[Pythonmac-SIG] Installing/upgrading py-appscript on 10.6

Norman Gray norman at astro.gla.ac.uk
Thu Sep 10 22:08:50 CEST 2009


Greetings.

I'm having difficulty using py-appscript after a recent upgrade to 10.6.

I had appscript installed on 10.5, and was using it successfully.   
With the change to 10.6, Python has changed from 2.5.? to 2.6.1.
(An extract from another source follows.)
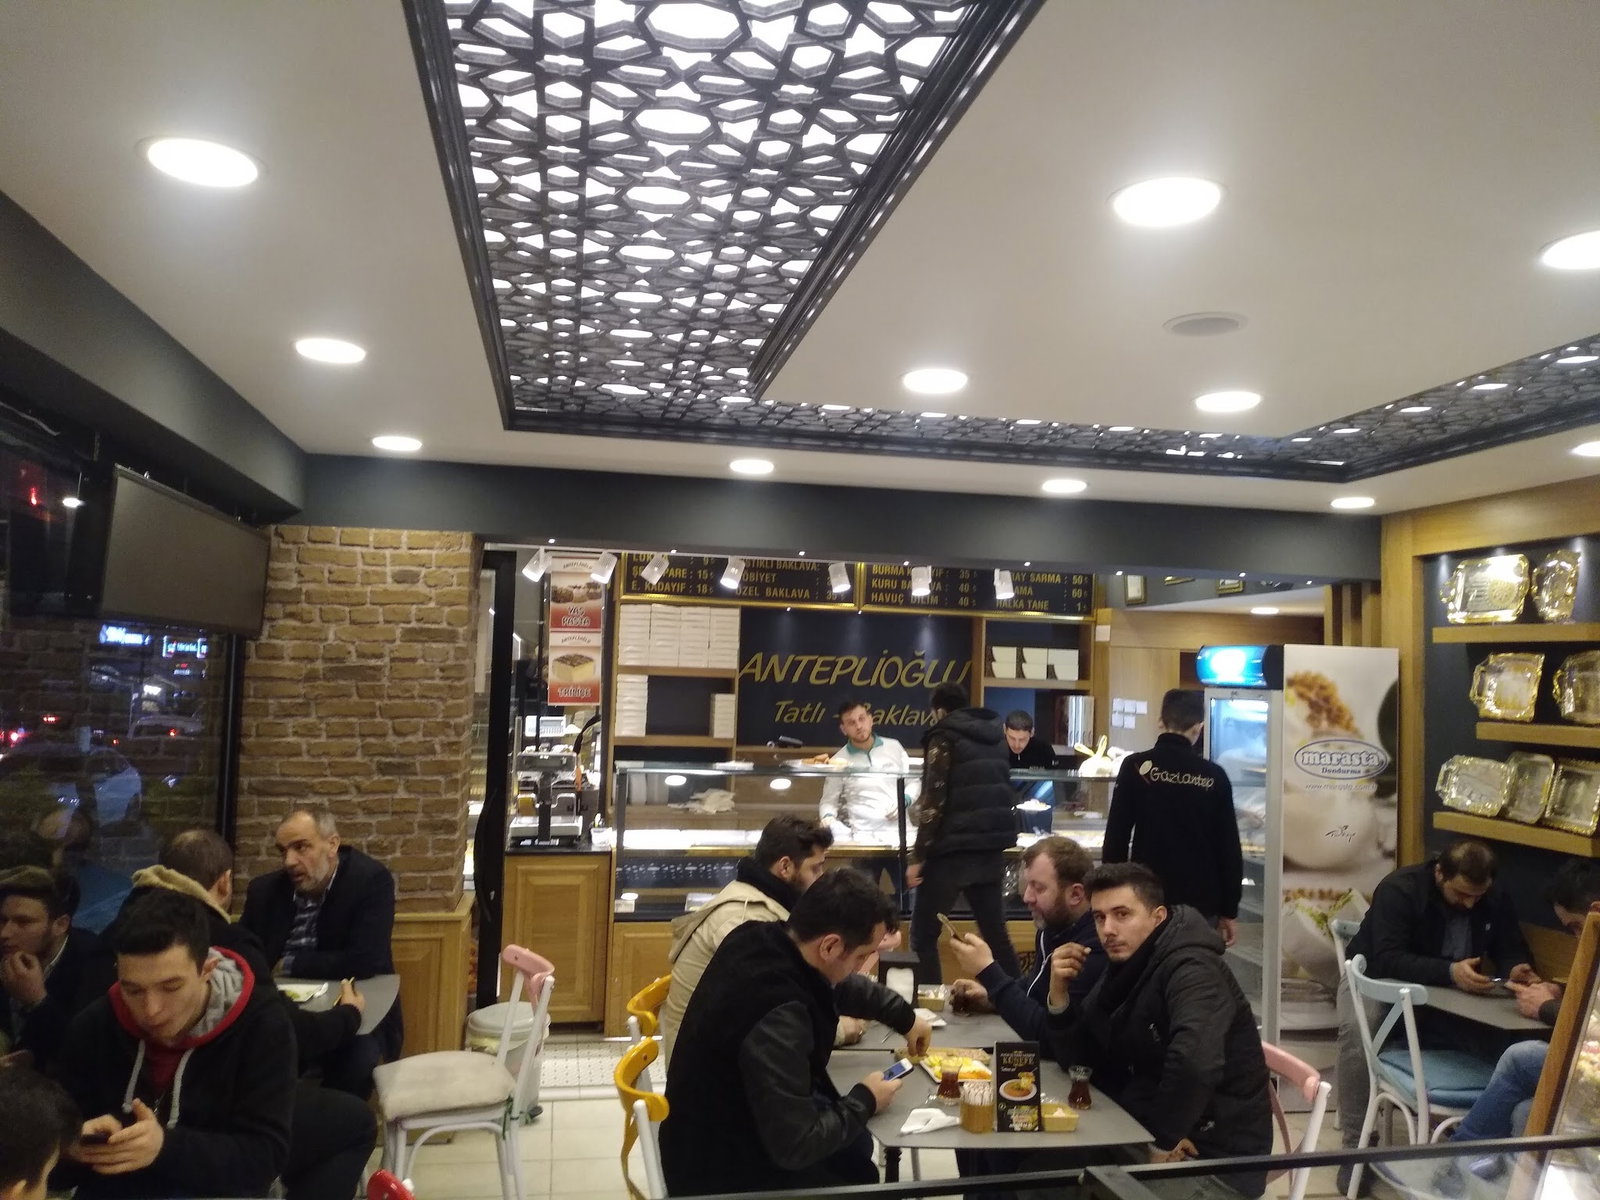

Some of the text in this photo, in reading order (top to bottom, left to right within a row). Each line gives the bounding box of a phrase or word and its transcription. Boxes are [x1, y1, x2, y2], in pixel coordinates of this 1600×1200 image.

[872, 564, 904, 576] BURMA
[871, 578, 897, 590] KURU
[765, 586, 810, 599] BAKLAVA
[773, 700, 827, 725] Tatlı
Now, when I try to import appscript, I get:

% which python
/usr/bin/python
% python
Python 2.6.1 (r261:67515, Jul  7 2009, 23:51:51)
[GCC 4.2.1 (Apple Inc. build 5646)] on darwin
Type "help", "copyright", "credits" or "license" for more information.
 >>> from appscript import *
Traceback (most recent call last):
   File "<stdin>", line 1, in <module>
ImportError: No module named appscript
 >>>

If I try to use easy_install to (re-)install appscript, I get:

% sudo easy_install appscript
Searching for appscript
Best match: appscript 0.20.0
Processing appscript-0.20.0-py2.5-macosx-10.5-i386.egg
Adding appscript 0.20.0 to easy-install.pth file

Using /Library/Python/2.5/site-packages/appscript-0.20.0-py2.5- 
macosx-10.5-i386.egg
Processing dependencies for appscript
Finished processing dependencies for appscript
%

...which appears to be linked to Python 2.5, not 2.6.  Googling around  
doesn't really help very much.  Advice includes "easy_install -m  
appscript" and "easy_install -U setuptools", and though I can read a  
manpage, this is clearly drifting into the realms of voodoo.  I'm  
slightly surprised that I apparently can't _un_install appscript and  
start afresh.

I can't see any rele

I have so far managed to remain innocent of exactly how Python manages  
its libraries.  It looks like I'm going to have to get someone to  
destroy that innocence: what should I be doing here, and why?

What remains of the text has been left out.